Observação: Qualquer semelhança com pessoas ou fatos reais terá sido (ou não) mera coincidência!

quarta-feira, 29 de julho de 2009

Ofélia

Sempre gostara de velharias, do contemporâneo apenas a liberdade de zanzar por onde bem entendesse sem dar satisfações.
No mais, rendas, frufrus, torneados. Coisas usadas, dessas que trazem histórias desconhecidas.
Costumava se achar velha demais, desde criança se achava velha demais, lembrava-se de olhar suas mãos quando ainda não chegara aos oito anos e ver mãos ossudas, enrugadas, diferentes das mãozinhas rechonchudas com covinhas na base dos dedos. Não gostava das suas mãos. Com o tempo parou de pensar nisso, nas coisas que não gostava em si para pensar em figurinos, jóias, penteados e louça de outra época. Veio dai o gosto por museus.
Na adolescência gostava de criar histórias com donzelas pálidas, de longos cabelos e longos vestidos, que conviviam com fantasmas em velhas casas de fazenda com móveis pesados e escuros ornamentados com palhinha e brocados. Velhas casas cheias de quartos que não eram usados há décadas, mas que ainda guardavam mobilia, livros, roupas e objetos dentro de baús embolorados.
Adulta era antiga também no amor, dessas que gostam de cuidar dos homens, de incentivá-los a crescer, de vibrar com seus progressos, consolar seus fracassos, trazer-lhes doces e oferecer escalda-pés, como talvez fizesse sua avó, ou que sabe sua bisavó! Talvez por isso mantivesse com tanta dedicação o casamento com aquele que havia sido seu primeiro namorado e cuja companhia preferia a qualquer outra. Talvez por isso o marido houvesse enriquecido durante os anos de casamento, enquanto ela parecia apenas colecionar lindas e delicadas tacinhas de licor, garimpadas em brechós, que decoravam a cristaleira na sala de jantar. Nos últimos anos, além dos brechós, adquirira o hábito de vasculhar os pertences do marido, o que lhe permitia colecionar também evidências de que este lhe era e talvez sempre houvesse sido infiel.
Em outra época teria sofrido de tuberculose, mas os tempos estavam mais para depressão...

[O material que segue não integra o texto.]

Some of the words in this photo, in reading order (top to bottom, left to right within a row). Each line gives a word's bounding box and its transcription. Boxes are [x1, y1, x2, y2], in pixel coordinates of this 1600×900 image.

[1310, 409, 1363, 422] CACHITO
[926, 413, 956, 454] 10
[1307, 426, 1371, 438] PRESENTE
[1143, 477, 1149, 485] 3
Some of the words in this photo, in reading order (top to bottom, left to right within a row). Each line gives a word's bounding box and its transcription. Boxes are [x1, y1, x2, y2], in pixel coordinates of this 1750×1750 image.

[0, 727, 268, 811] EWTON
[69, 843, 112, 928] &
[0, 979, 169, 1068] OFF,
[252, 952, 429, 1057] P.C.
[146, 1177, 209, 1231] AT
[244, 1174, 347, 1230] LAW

segunda-feira, 27 de julho de 2009

Incontrolável

Seu maior monstro era tentar controlar; segurar o tempo, segurar a vida, encontrar a zona de conforto e petrificá-la! Quanto tempo se vive assim antes que a agitação domine e as pernas teimem em ir onde o juízo desaconselha?

domingo, 26 de julho de 2009

Paternidade

Havia saído de fininho, como adquirira o hábito de fazer pela manhã. Levara a pasta e o violão.
Ela levantou quase imediatamente, embora tenha demorado bem mais que o necessário em frente à pia do banheiro observando sua aparência, olhando a cabeleira revolta e o rosto descansado. Lavou os olhos ligeiramente borrados pelos restos da maquilagem da noite anterior e escovou dentes com a escova que conquistara seu lugar no armário em cima da pia. Ao sair do banheiro esticou lentamente os lençóis e afofou os travesseiros com cuidado. Deu ainda uma ou duas voltas pelo quarto antes de respirar fundo, abrir a porta e dirigir-se à sala . Tentou disfarçar a tensão que sempre sentia quando o medo de estar invadindo um momento íntimo demais brigava conta a vontade de estar perto, no mesmo cômodo que ele. Pode vê-lo assim que alcançou o final do corredor: dedilhava e escrevia, escrevia e dedilhava, de costas, em frente ao console onde a folha de papel repousava entre duas pequenas estátuas; um busto de Beethoven e a Pietá.
Tomou rápida e silenciosamente o corredor que levava à cozinha, tentando agir com naturalidade. Quando voltou à sala trazia uma xícara de café sem açúcar e o jornal do dia que havia resgatado em frente à porta, em cima do tapete, onde era deixado ainda de madrugada.
Ele continuava absorto quando ela se instalou no sofá em um posição pouco usual, de lado, com as pernas em lótus, virada para a mesinha de canto onde pousou a xícara enquanto abria o jornal e tentava se interessar por todos aqueles caracteres sem sentido, mas com a atenção voltada para o homem que trabalhava.
Quando ele se aproximou o café já havia terminado e o jornal havia sido quase completamente vasculhado, embora nada do que houvesse lido tivesse força suficiente para competir com os acordes que nasciam enquanto lia. Do jornal não ficara nada, não era ali que ela estivera durante aqueles minutos em que seus olhos seguiam os símbolos impressos, apenas símbolos impressos que não tiveram força suficiente para se transformar em linguagem.Como já se tornara hábito dos dois, mais um deles, foi a primeira a ouvir a nova canção; a primeira a ouvir a canção que falava de canções, de desejo pelas canções, de toda a sensualidade contida no ato de criar uma melodia, uma letra, de recebê-las cruas como dois lados de um único pedaço de pedra bruta, de alisá-lo para sentir a textura, as reentrâncias, de burilá-lo, de esculpi-lo. De todo o desejo, toda a entrega, toda a paixão contida naquele tempo dedicado a receber a melodia, a compreendê-la, ouvir seus desejos, satisfazê-la moldando-a com a poesia que lhe era gêmea. Então compreendeu a inquietação que sentira em outro momento como àquele, era a inquietação que sente todo amante quando observa o amado totalmente entregue a um ato do qual, embora fascinante, não pode participar. Mas compreendeu também que lhe cabia um papel, sempre coubera, embora ainda não tivesse percebido conscientemente; o de delicadamente, carinhosamente incitá-lo a separar-se da criação para que ela pudesse seguir seu caminho na vida que acabara de ganhar.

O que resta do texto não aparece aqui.